Saved entries
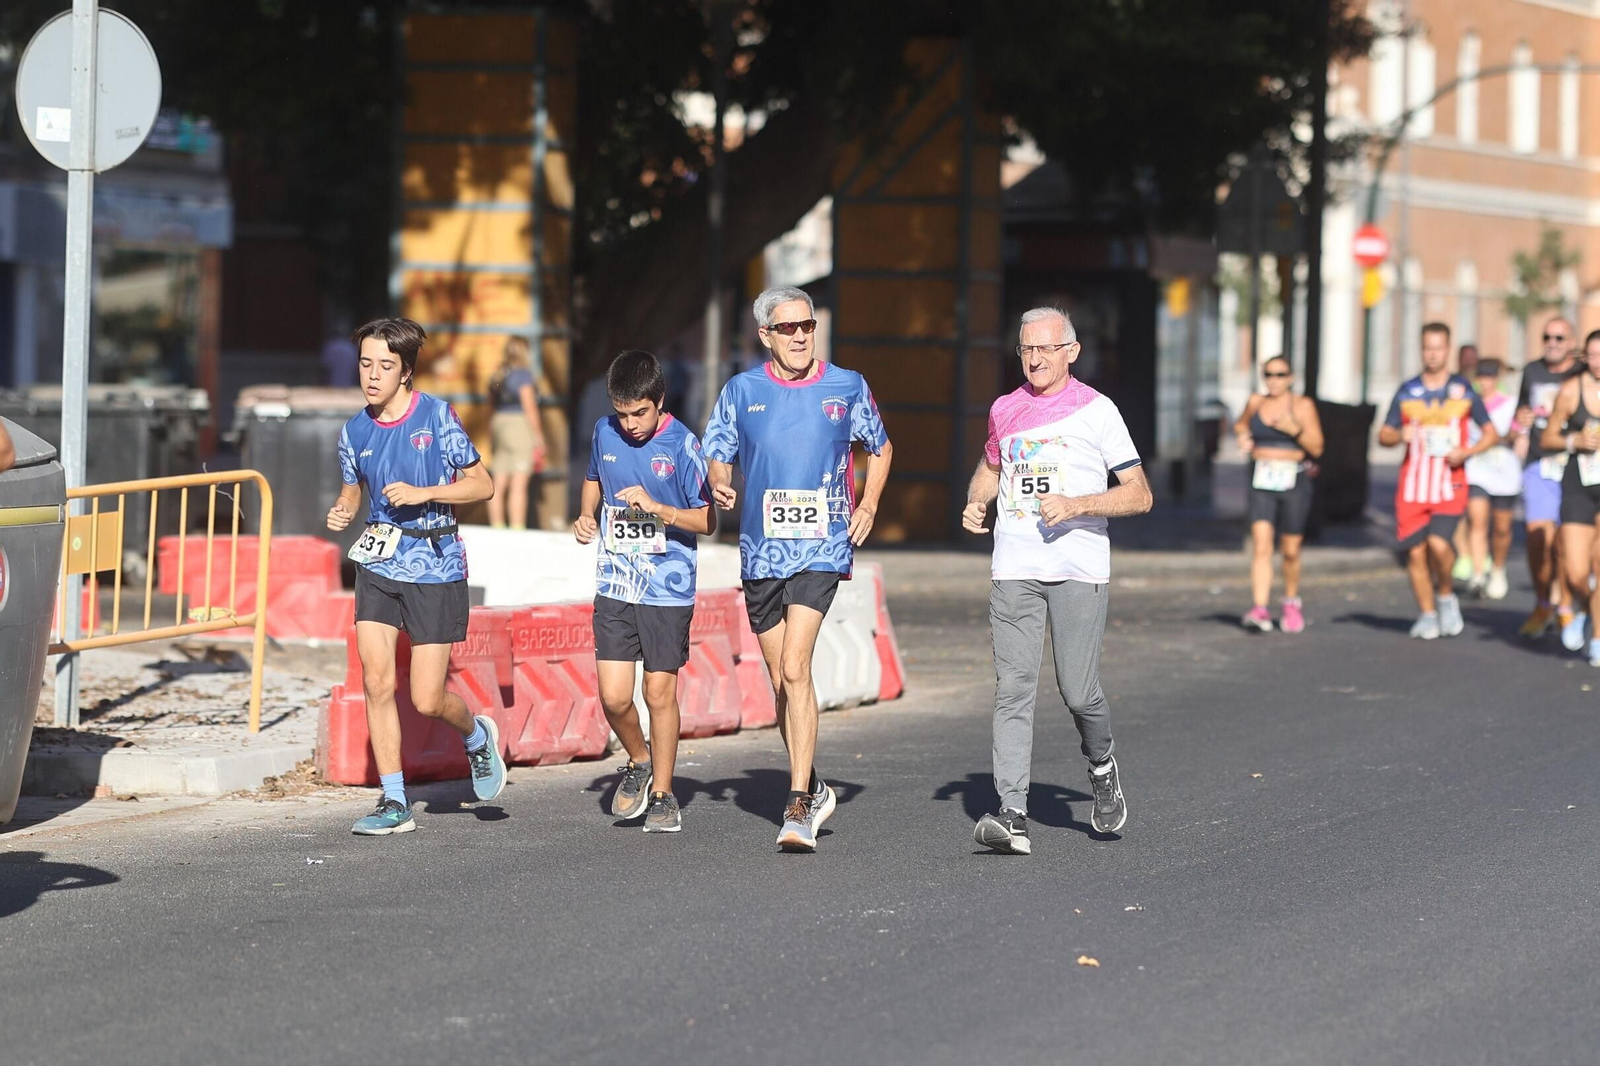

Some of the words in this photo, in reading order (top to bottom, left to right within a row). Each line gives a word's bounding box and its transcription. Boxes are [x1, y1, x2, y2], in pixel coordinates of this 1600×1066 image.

[748, 403, 766, 413] vive
[1022, 477, 1050, 494] 55
[772, 506, 818, 523] 332
[614, 522, 656, 539] 330
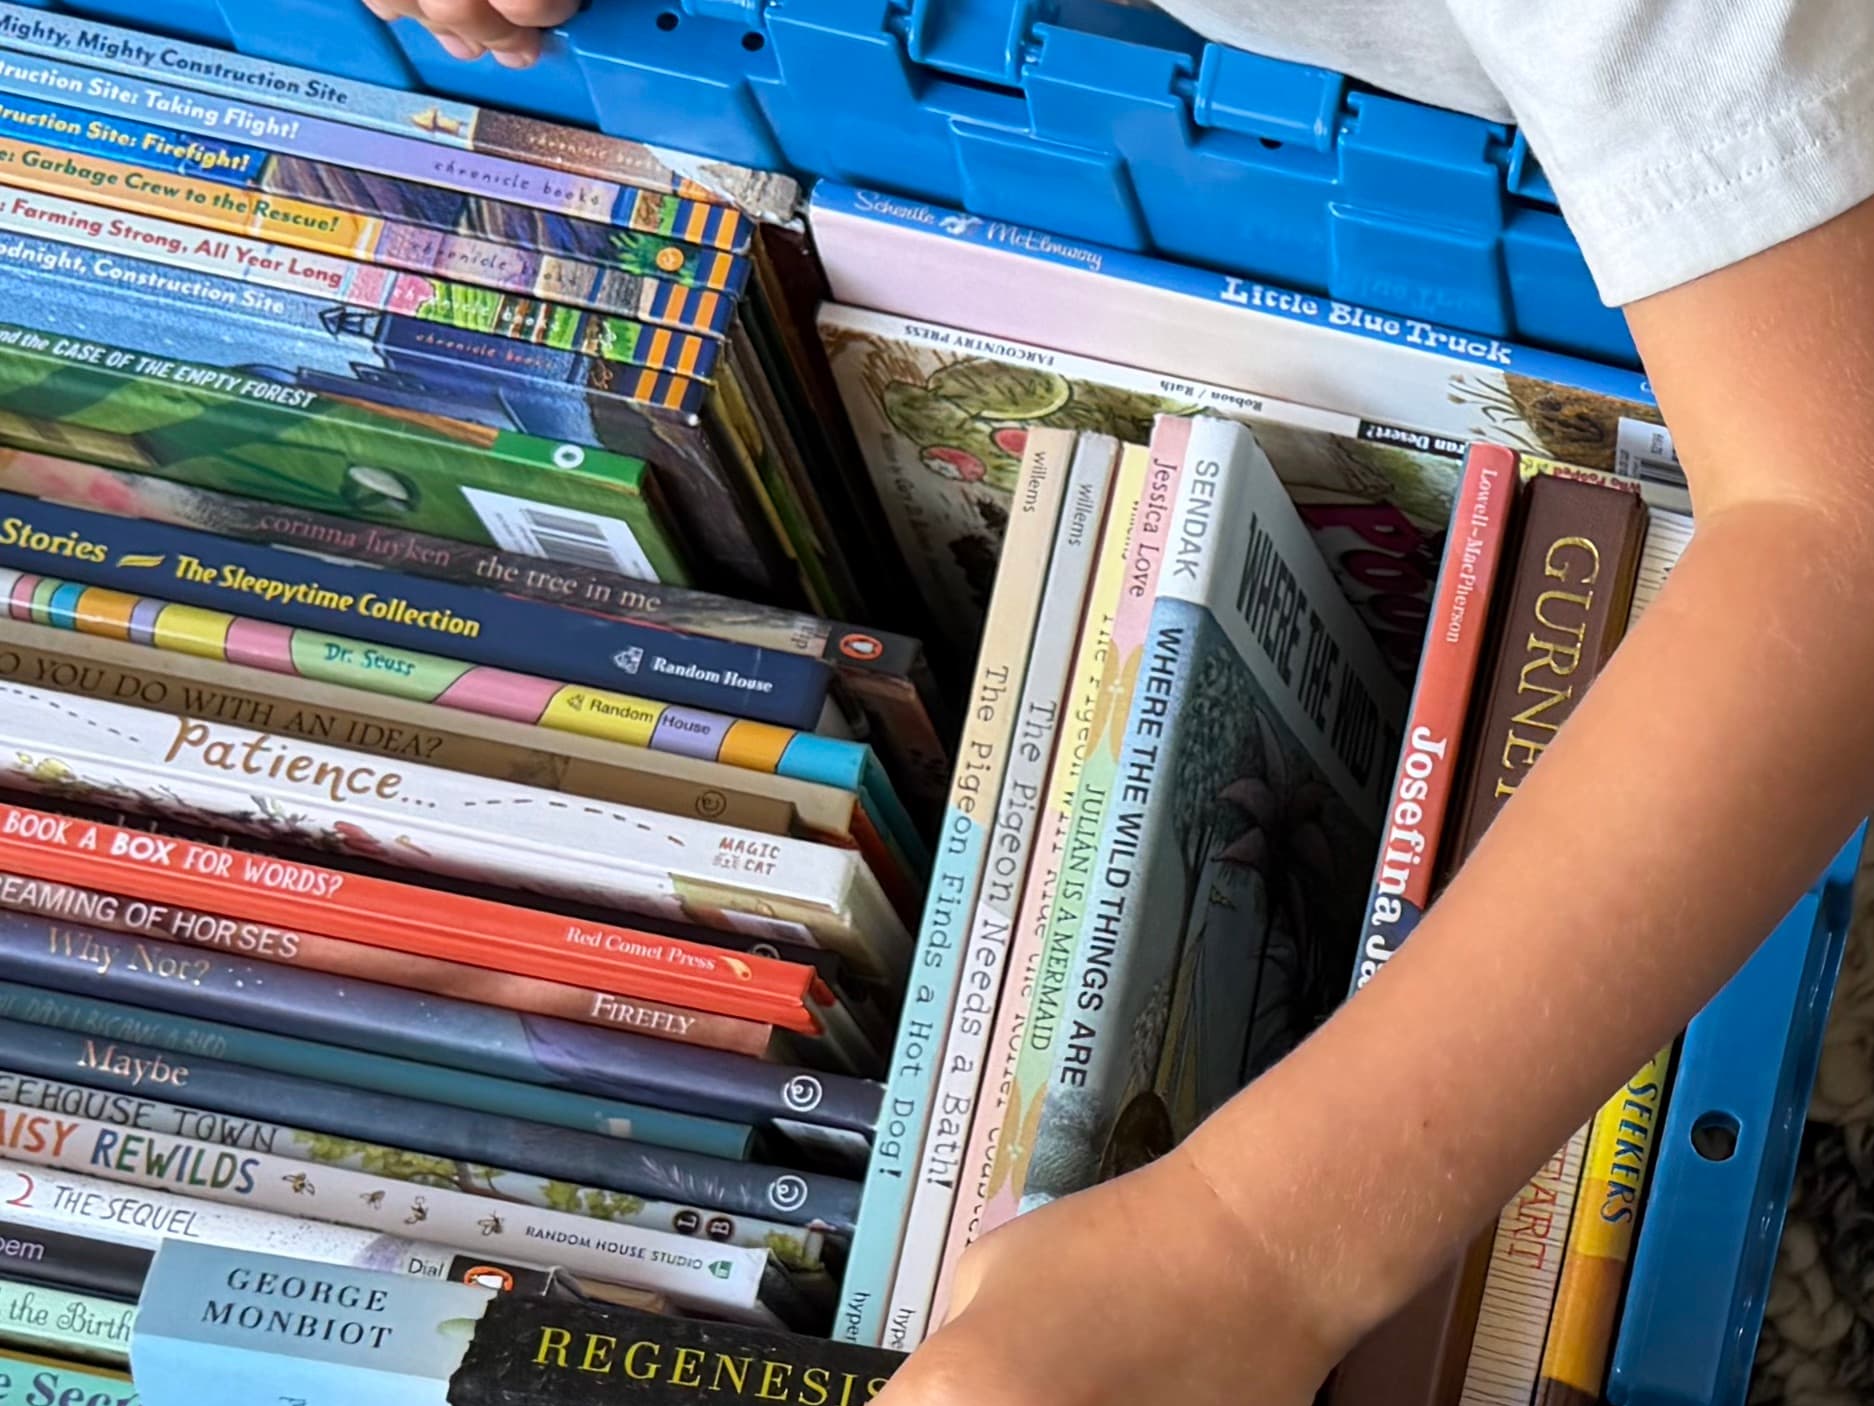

_Exercise requirements_:
Give back the records word for word, without their pictures.

_Reply to the exercise_:
Some of the words in this photo, in reading order (top to bottom, left to right within a row). Each line gives a word's bounding box and its transcription. Boxes are [x1, y1, x2, y2], in pixel coordinates of this 1600×1066 image.

[748, 403, 766, 413] vive
[1022, 477, 1050, 494] 55
[772, 506, 818, 523] 332
[614, 522, 656, 539] 330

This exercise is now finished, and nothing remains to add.